Daughters… I have to say that I actually fail to stop and really look at them sometimes. Foolish, but true. Della is the one on the left and Halen is on the right. In this picture Della is 10 and Halen is 8. What great ages. What great stages. What Divine opportunity has been given to me to be a father to not one but two extraordinary young ladies. They actually like being with me, which is a huge cosmic act of mercy – really. My daughters actually want to just hang out with their parents. I am a notorious wet blanket – a Mr. Serious, but they bring out the devil in me. I’m constantly teasing them. I try really hard to listen to them. (It may be just me but I find it takes a concerted effort to give a child my undivided attention. I can actually feel my brain exhale afterwards.) And reading to them? Reading is the one thing I do consistently well with my girls, or “The Ladies” as I often call them. This term of endearment took on a whole new meaning when we read Peter and the Star Catchers together for the first time. The villain of the story has a special set of sails he calls “the Ladies.” The girls and I never laughed so joyously and harmoniously as when we read that book together. It is a prequel to Peter Pan. It is written by Dave Barry and Ridley Pearson, and is a worthwhile and memorable read. Best of all the two writers follow it up with two great sequels.

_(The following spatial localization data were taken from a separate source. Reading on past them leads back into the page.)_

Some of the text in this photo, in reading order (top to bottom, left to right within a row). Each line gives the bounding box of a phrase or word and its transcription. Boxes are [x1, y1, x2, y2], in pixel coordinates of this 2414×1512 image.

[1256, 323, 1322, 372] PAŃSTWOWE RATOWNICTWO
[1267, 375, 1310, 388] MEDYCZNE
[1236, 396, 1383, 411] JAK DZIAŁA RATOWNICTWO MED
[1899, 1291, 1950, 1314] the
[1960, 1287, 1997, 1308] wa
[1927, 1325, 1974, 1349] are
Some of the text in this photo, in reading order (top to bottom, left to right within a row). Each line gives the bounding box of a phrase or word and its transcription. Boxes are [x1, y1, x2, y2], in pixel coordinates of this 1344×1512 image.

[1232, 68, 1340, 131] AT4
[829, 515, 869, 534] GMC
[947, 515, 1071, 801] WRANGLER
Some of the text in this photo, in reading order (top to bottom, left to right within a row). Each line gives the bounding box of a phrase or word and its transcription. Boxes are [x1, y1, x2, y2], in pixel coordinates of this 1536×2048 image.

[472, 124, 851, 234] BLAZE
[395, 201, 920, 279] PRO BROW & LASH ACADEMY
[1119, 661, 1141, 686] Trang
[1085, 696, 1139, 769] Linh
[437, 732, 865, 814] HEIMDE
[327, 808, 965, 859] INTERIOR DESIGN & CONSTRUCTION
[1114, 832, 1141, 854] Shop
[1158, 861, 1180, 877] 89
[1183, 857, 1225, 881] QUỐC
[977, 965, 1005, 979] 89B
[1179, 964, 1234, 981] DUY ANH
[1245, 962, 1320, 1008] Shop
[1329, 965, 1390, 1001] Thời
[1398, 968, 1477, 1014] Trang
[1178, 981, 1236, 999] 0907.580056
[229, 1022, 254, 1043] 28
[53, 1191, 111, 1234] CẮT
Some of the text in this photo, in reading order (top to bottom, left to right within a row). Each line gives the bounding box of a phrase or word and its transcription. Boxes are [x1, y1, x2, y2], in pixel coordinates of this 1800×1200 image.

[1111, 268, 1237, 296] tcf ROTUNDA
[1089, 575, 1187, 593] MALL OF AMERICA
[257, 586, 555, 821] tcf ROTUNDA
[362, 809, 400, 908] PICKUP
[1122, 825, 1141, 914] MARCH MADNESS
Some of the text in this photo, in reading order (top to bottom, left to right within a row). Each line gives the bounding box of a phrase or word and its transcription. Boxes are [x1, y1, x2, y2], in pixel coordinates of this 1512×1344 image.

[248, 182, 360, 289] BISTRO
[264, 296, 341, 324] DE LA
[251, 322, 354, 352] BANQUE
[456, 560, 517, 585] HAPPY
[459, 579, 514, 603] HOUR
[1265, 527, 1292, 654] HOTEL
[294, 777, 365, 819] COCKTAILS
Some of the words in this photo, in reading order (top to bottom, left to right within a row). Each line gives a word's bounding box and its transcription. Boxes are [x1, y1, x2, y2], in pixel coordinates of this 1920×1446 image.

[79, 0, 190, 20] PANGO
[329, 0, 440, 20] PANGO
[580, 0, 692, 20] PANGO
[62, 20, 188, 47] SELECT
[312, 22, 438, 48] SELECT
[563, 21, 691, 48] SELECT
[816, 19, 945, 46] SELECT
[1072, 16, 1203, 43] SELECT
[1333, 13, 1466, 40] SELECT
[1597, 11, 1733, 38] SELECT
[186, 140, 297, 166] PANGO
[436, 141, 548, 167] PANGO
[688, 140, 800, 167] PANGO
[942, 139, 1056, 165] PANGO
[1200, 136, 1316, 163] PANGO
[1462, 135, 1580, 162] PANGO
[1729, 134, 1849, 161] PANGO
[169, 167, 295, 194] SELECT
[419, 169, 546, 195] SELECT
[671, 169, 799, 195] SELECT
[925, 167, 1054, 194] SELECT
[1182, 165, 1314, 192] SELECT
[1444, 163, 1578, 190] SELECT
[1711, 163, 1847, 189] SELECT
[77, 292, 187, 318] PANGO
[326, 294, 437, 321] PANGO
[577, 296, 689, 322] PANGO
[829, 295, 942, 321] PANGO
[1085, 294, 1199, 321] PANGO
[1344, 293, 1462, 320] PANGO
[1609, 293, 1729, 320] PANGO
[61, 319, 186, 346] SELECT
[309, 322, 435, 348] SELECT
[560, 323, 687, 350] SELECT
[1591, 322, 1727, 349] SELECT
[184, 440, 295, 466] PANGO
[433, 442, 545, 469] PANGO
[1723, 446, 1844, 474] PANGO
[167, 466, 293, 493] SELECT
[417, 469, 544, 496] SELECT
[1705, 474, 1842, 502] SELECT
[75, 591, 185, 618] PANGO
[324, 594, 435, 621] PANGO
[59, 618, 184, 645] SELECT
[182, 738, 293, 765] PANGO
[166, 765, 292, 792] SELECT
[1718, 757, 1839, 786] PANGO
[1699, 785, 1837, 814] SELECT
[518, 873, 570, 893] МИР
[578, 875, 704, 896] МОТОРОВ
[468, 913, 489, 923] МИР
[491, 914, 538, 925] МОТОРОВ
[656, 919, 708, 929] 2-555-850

Anyway, the ladies and I love to read together. They like for me to read aloud because I – the wet blanket – do all of the voices. We just finished reading City of Ember and People of Sparks by Jeanne DuPrau. Next comes the third book in the series: The Prophet of Yonwood, but I informed the family that I needed to take a break from DuPrau. We are now reading Inkspell by Cornelia Funke. So, obviously we place some importance on literature. Really though, it is the time together. When they were smaller we would cuddle up on the bottom bunk and bask in the peace and tranquility of story time. Heaven itself would be hard pressed to replace this sacred hour of meditation. Our all time favorite picture book is The Last Resort by Roberto Innocenti. We would often end the day with this beautifully written piece of imaginative, romantic fiction/poetry. It’s voices are a joy to read.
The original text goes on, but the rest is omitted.